TO DO -
From the first line to the last, retype the records exactly and skip the pictures.

EXTRACTED RECORDS below:

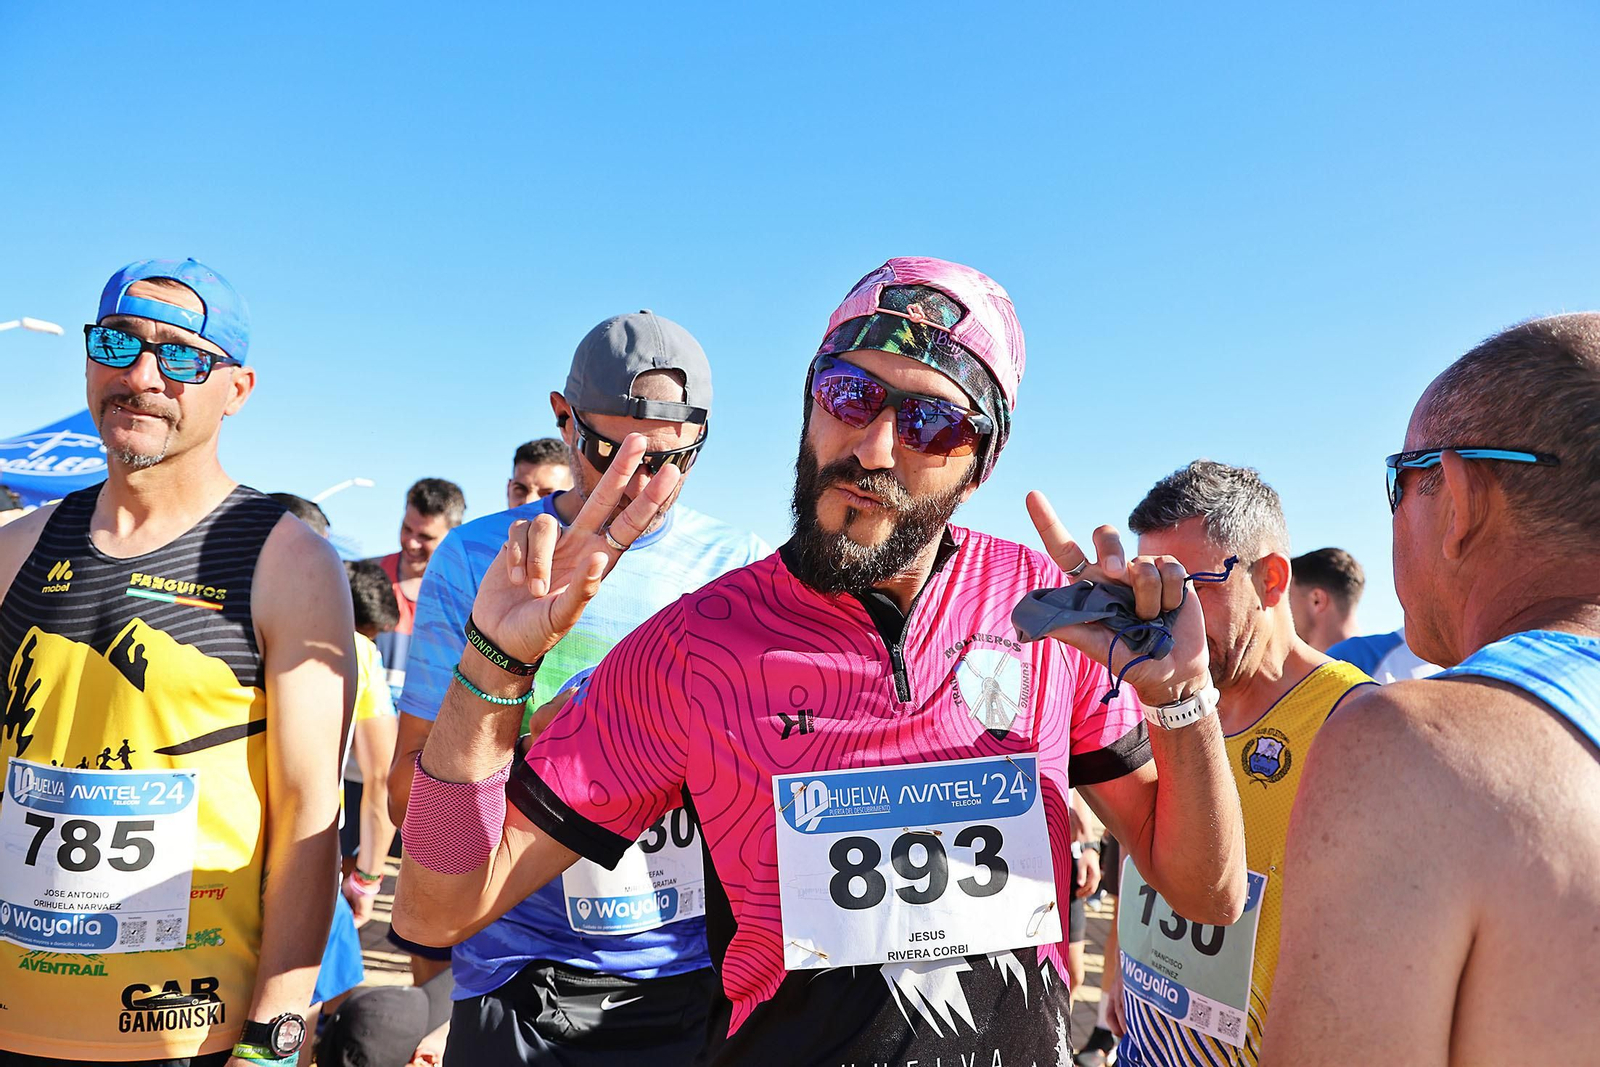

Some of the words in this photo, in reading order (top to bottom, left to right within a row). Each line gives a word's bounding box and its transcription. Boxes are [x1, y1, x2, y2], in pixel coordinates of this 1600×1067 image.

[41, 583, 71, 593] mobel
[129, 572, 227, 600] FANGUITOS
[468, 629, 511, 669] SONRISA
[944, 633, 1022, 659] MOLINEROS
[1020, 662, 1029, 708] RUNNING
[32, 780, 65, 797] HUELVA
[70, 785, 141, 800] AVATEL
[828, 785, 890, 808] HUELVA
[898, 780, 981, 804] AVATEL
[829, 808, 846, 816] PUERTA
[951, 799, 982, 807] TELECOM
[24, 812, 155, 872] 785
[647, 870, 664, 879] EFAN
[828, 824, 1010, 910] 893
[44, 889, 66, 898] JOSE
[67, 891, 110, 899] ANTONIO
[653, 878, 677, 889] GRATIAN
[33, 899, 75, 910] ORIHUELA
[77, 903, 122, 911] NARVAEZ
[595, 891, 670, 920] Wayalia
[13, 908, 102, 937] Wayalia
[1138, 884, 1225, 957] 130
[908, 930, 946, 943] JESUS
[887, 949, 931, 961] RIVERA
[932, 944, 969, 958] CORBI
[1151, 949, 1183, 970] FRANCISCO
[18, 957, 109, 977] AVENTRAIL
[1125, 957, 1179, 1004] Wayalia
[118, 1003, 226, 1033] GAMONSKI
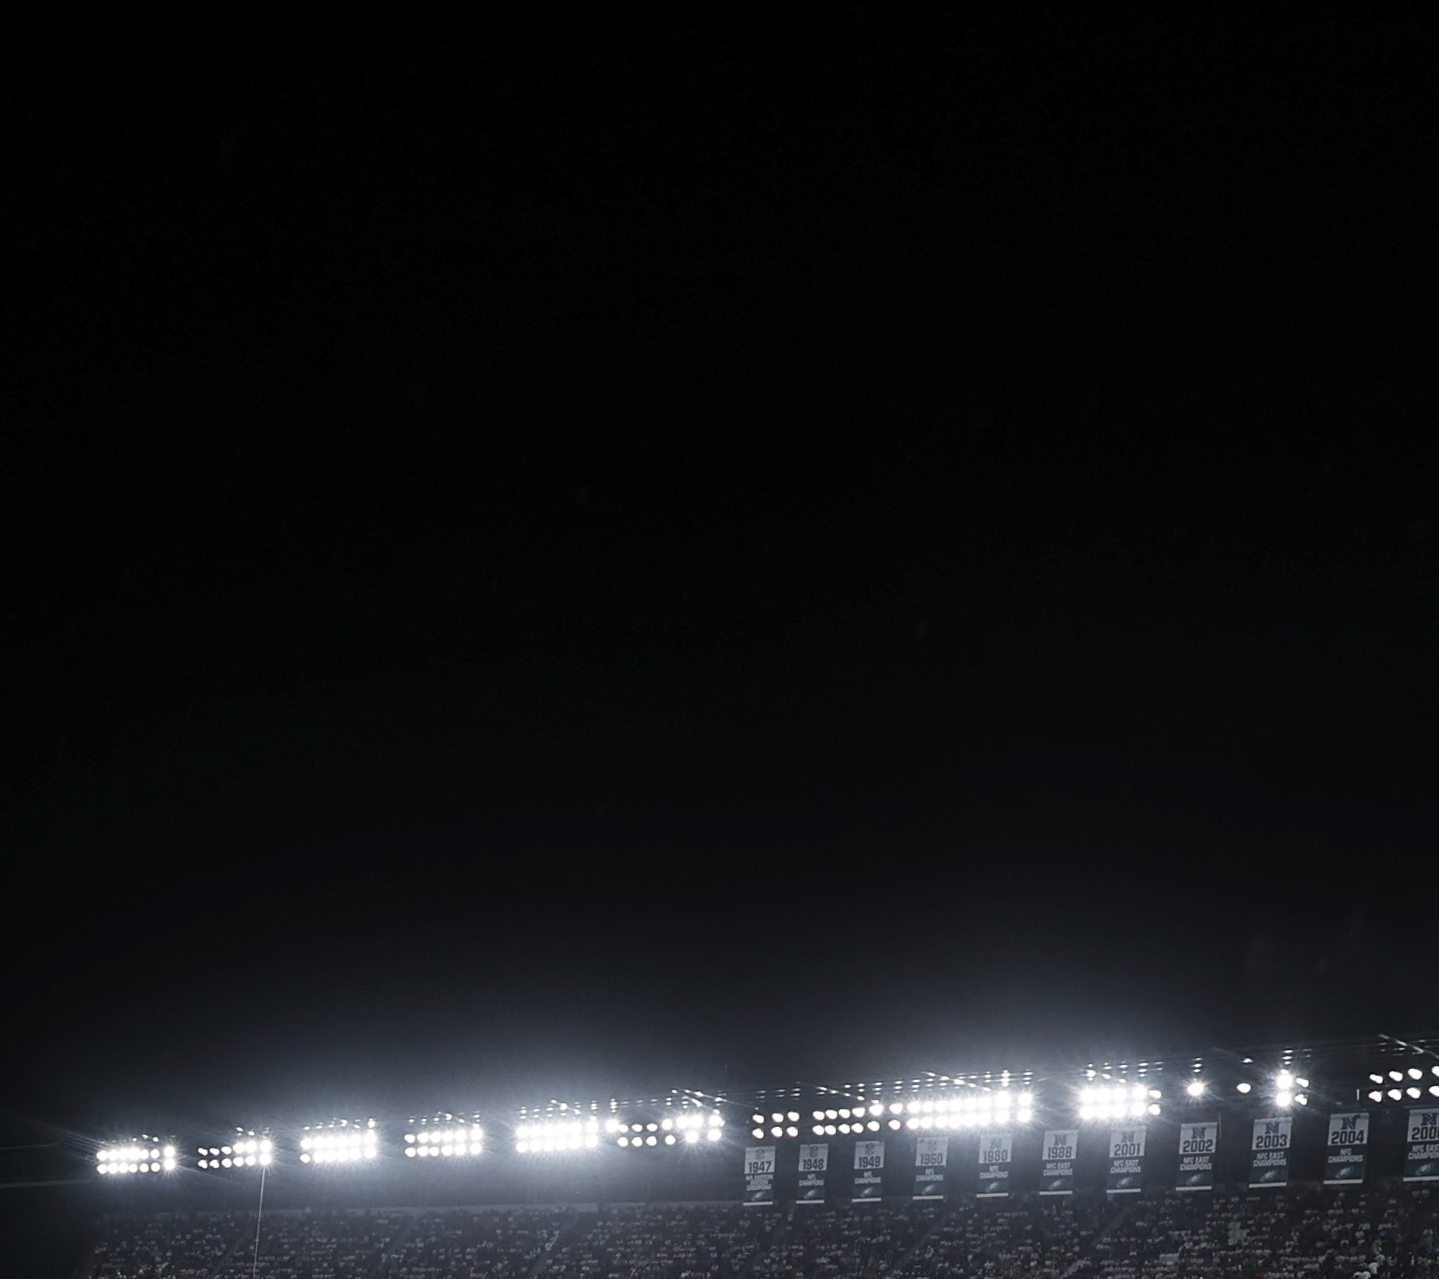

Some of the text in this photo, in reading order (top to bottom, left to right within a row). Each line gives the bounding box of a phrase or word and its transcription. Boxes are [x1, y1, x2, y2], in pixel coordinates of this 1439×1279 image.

[1255, 1134, 1288, 1148] 2003
[1330, 1130, 1365, 1145] 2004
[1113, 1143, 1142, 1157] 2001
[1182, 1139, 1214, 1153] 2002
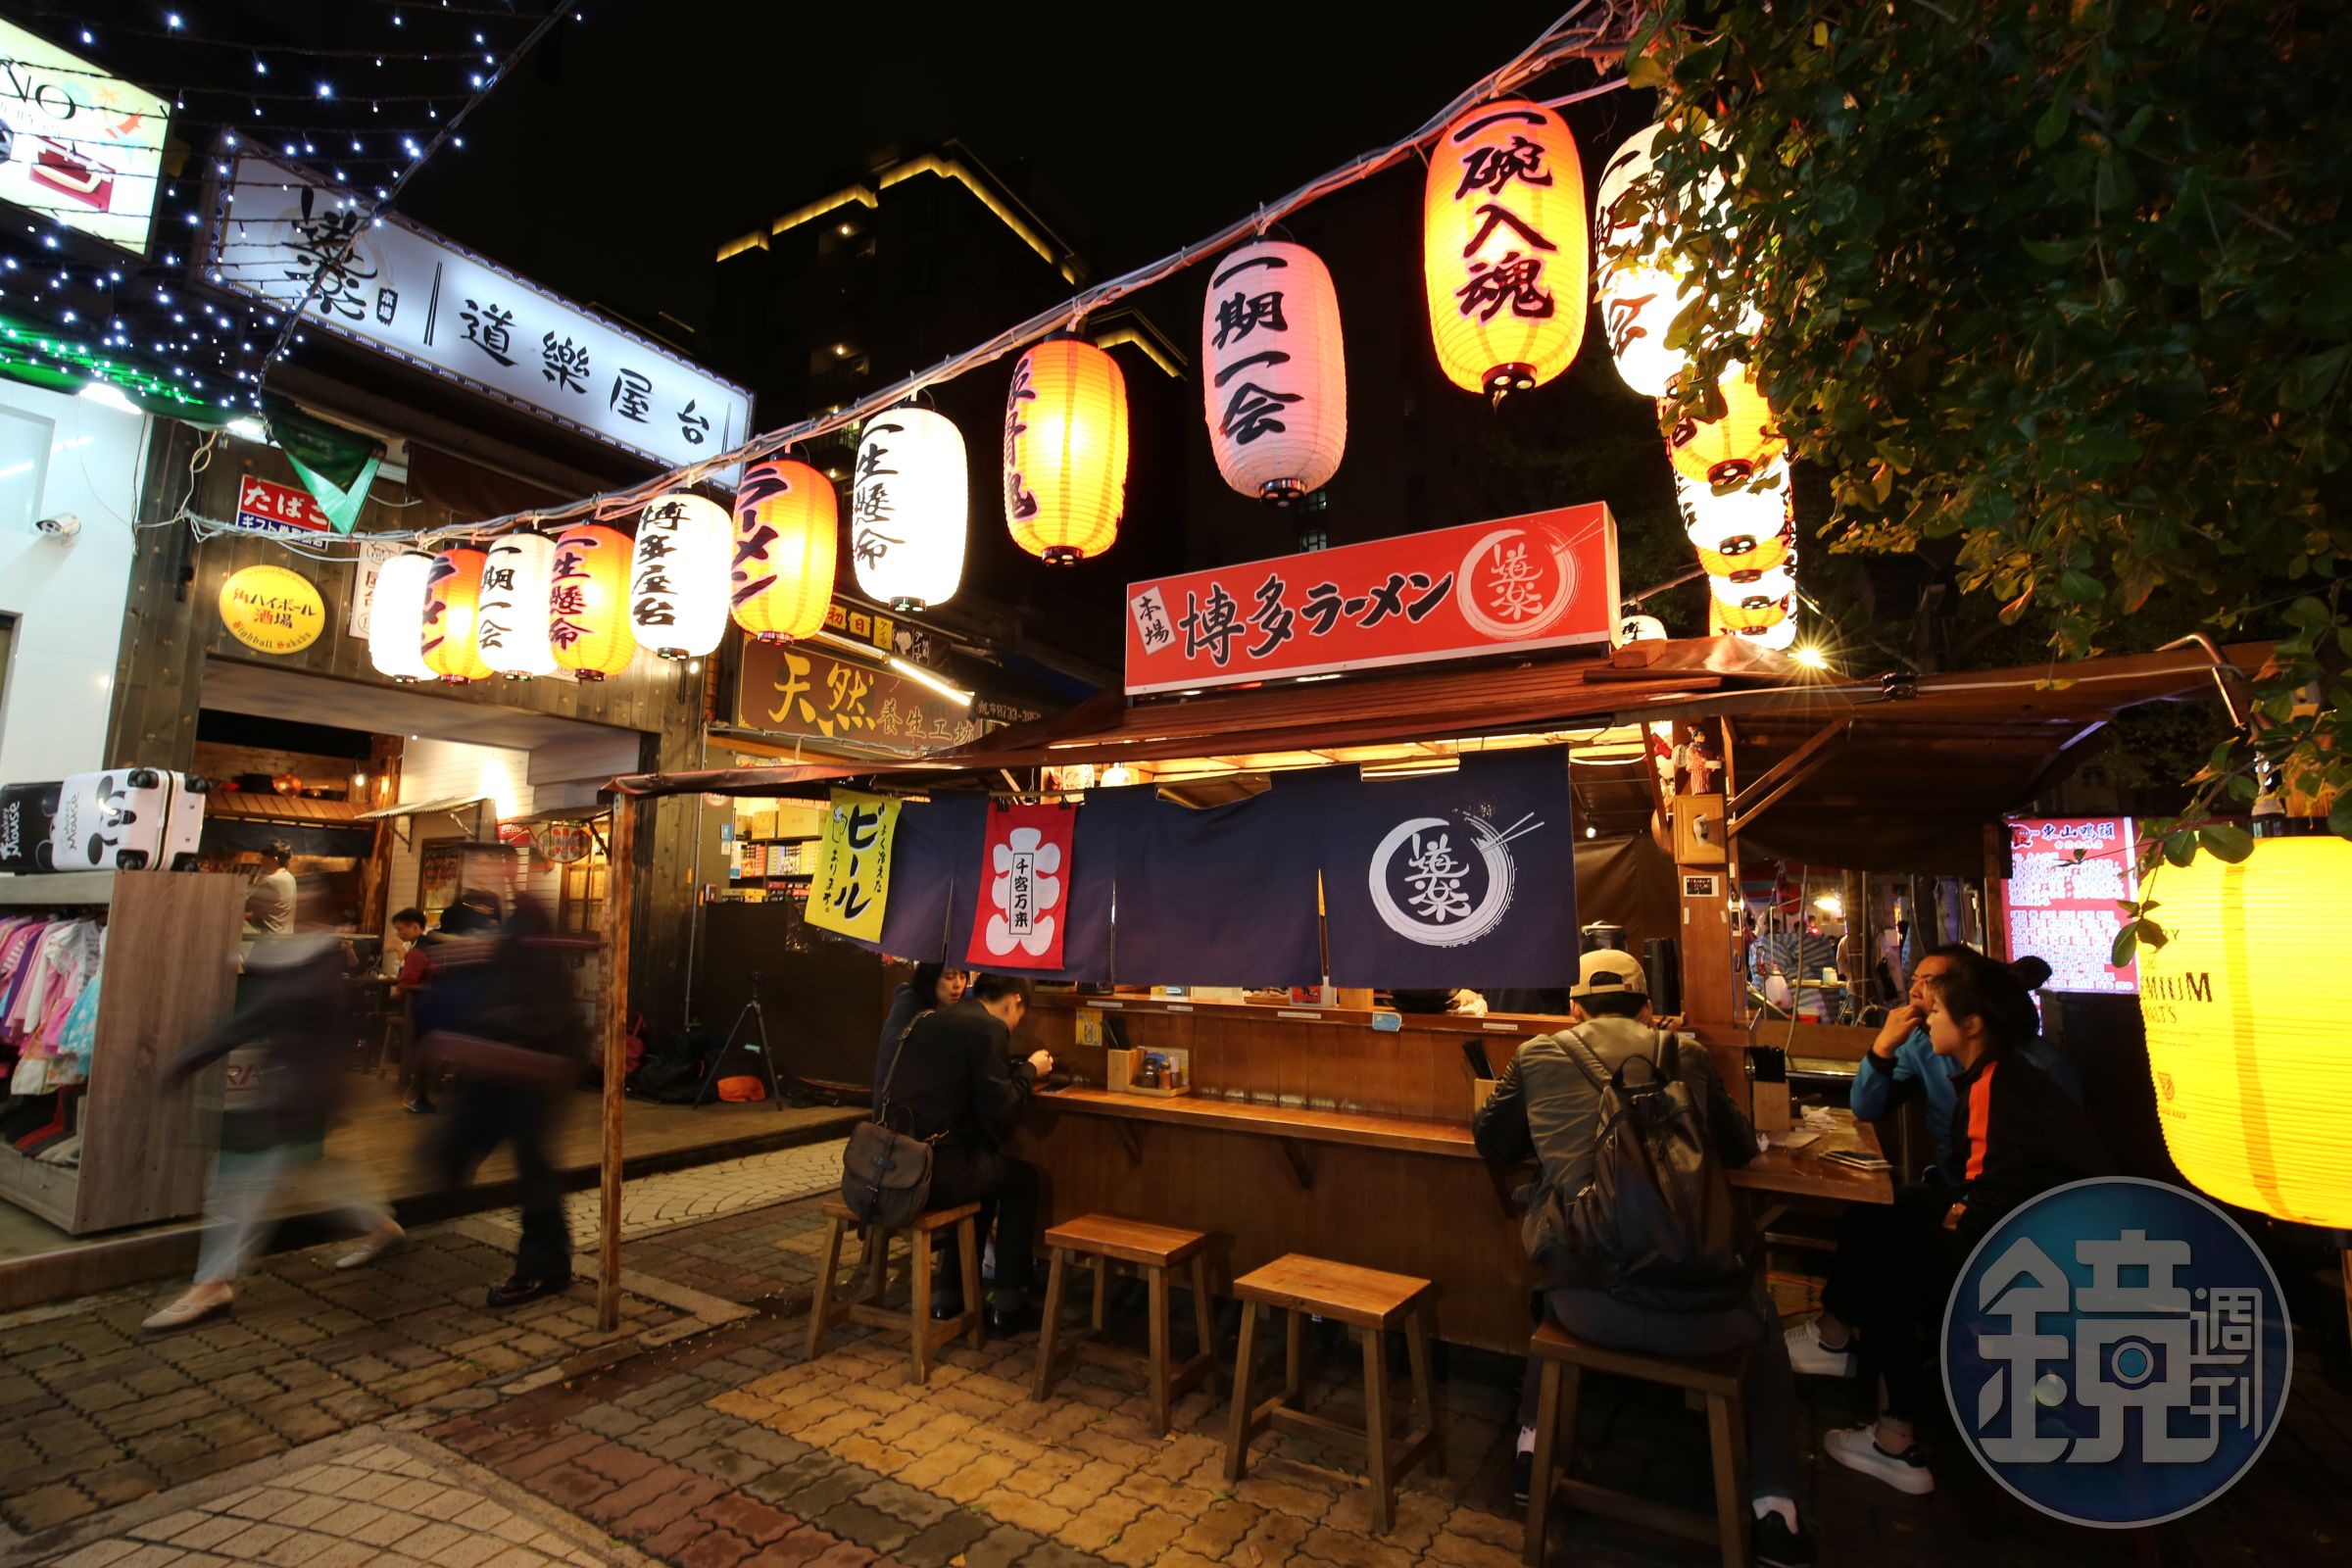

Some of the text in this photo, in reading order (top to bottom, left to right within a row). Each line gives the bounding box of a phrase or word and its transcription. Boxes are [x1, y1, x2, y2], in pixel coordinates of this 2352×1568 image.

[1454, 111, 1557, 322] 一碗入魂
[459, 299, 710, 445] 道樂屋台
[1212, 256, 1304, 445] 一期一会
[244, 485, 328, 525] たばこ
[731, 467, 788, 609] ラーメン
[855, 422, 906, 570] 一生懸命
[478, 546, 521, 650] 一期一会
[549, 538, 599, 651] 一生懸命
[632, 501, 689, 626] 博多屋台
[253, 608, 293, 629] 酒場
[1140, 596, 1169, 646] 本場
[1178, 571, 1454, 666] 博多ラーメン
[768, 652, 877, 737] 天然
[877, 698, 975, 745] 養生工坊
[834, 803, 885, 919] ビール
[1013, 858, 1029, 929] 千客万来

End of EXTRACTED RECORDS.

WRITTEN SOLUTION -
Some of the words in this photo, in reading order (top to bottom, left to right within a row). Each line gives a word's bounding box and its transcription. Boxes are [x1, y1, x2, y2], in pixel coordinates of this 1600×1067 image.

[41, 583, 71, 593] mobel
[129, 572, 227, 600] FANGUITOS
[468, 629, 511, 669] SONRISA
[944, 633, 1022, 659] MOLINEROS
[1020, 662, 1029, 708] RUNNING
[32, 780, 65, 797] HUELVA
[70, 785, 141, 800] AVATEL
[828, 785, 890, 808] HUELVA
[898, 780, 981, 804] AVATEL
[829, 808, 846, 816] PUERTA
[951, 799, 982, 807] TELECOM
[24, 812, 155, 872] 785
[647, 870, 664, 879] EFAN
[828, 824, 1010, 910] 893
[44, 889, 66, 898] JOSE
[67, 891, 110, 899] ANTONIO
[653, 878, 677, 889] GRATIAN
[33, 899, 75, 910] ORIHUELA
[77, 903, 122, 911] NARVAEZ
[595, 891, 670, 920] Wayalia
[13, 908, 102, 937] Wayalia
[1138, 884, 1225, 957] 130
[908, 930, 946, 943] JESUS
[887, 949, 931, 961] RIVERA
[932, 944, 969, 958] CORBI
[1151, 949, 1183, 970] FRANCISCO
[18, 957, 109, 977] AVENTRAIL
[1125, 957, 1179, 1004] Wayalia
[118, 1003, 226, 1033] GAMONSKI

Some of the text in this photo, in reading order (top to bottom, left to right within a row). Each line gives the bounding box of a phrase or word and its transcription. Boxes are [x1, y1, x2, y2], in pixel coordinates of this 1439×1279 image.

[1255, 1134, 1288, 1148] 2003
[1330, 1130, 1365, 1145] 2004
[1113, 1143, 1142, 1157] 2001
[1182, 1139, 1214, 1153] 2002

Some of the text in this photo, in reading order (top to bottom, left to right within a row). Each line gives the bounding box of a phrase or word and its transcription. Boxes are [x1, y1, x2, y2], in pixel coordinates of this 2352×1568 image.

[1454, 111, 1557, 322] 一碗入魂
[459, 299, 710, 445] 道樂屋台
[1212, 256, 1304, 445] 一期一会
[244, 485, 328, 525] たばこ
[731, 467, 788, 609] ラーメン
[855, 422, 906, 570] 一生懸命
[478, 546, 521, 650] 一期一会
[549, 538, 599, 651] 一生懸命
[632, 501, 689, 626] 博多屋台
[253, 608, 293, 629] 酒場
[1140, 596, 1169, 646] 本場
[1178, 571, 1454, 666] 博多ラーメン
[768, 652, 877, 737] 天然
[877, 698, 975, 745] 養生工坊
[834, 803, 885, 919] ビール
[1013, 858, 1029, 929] 千客万来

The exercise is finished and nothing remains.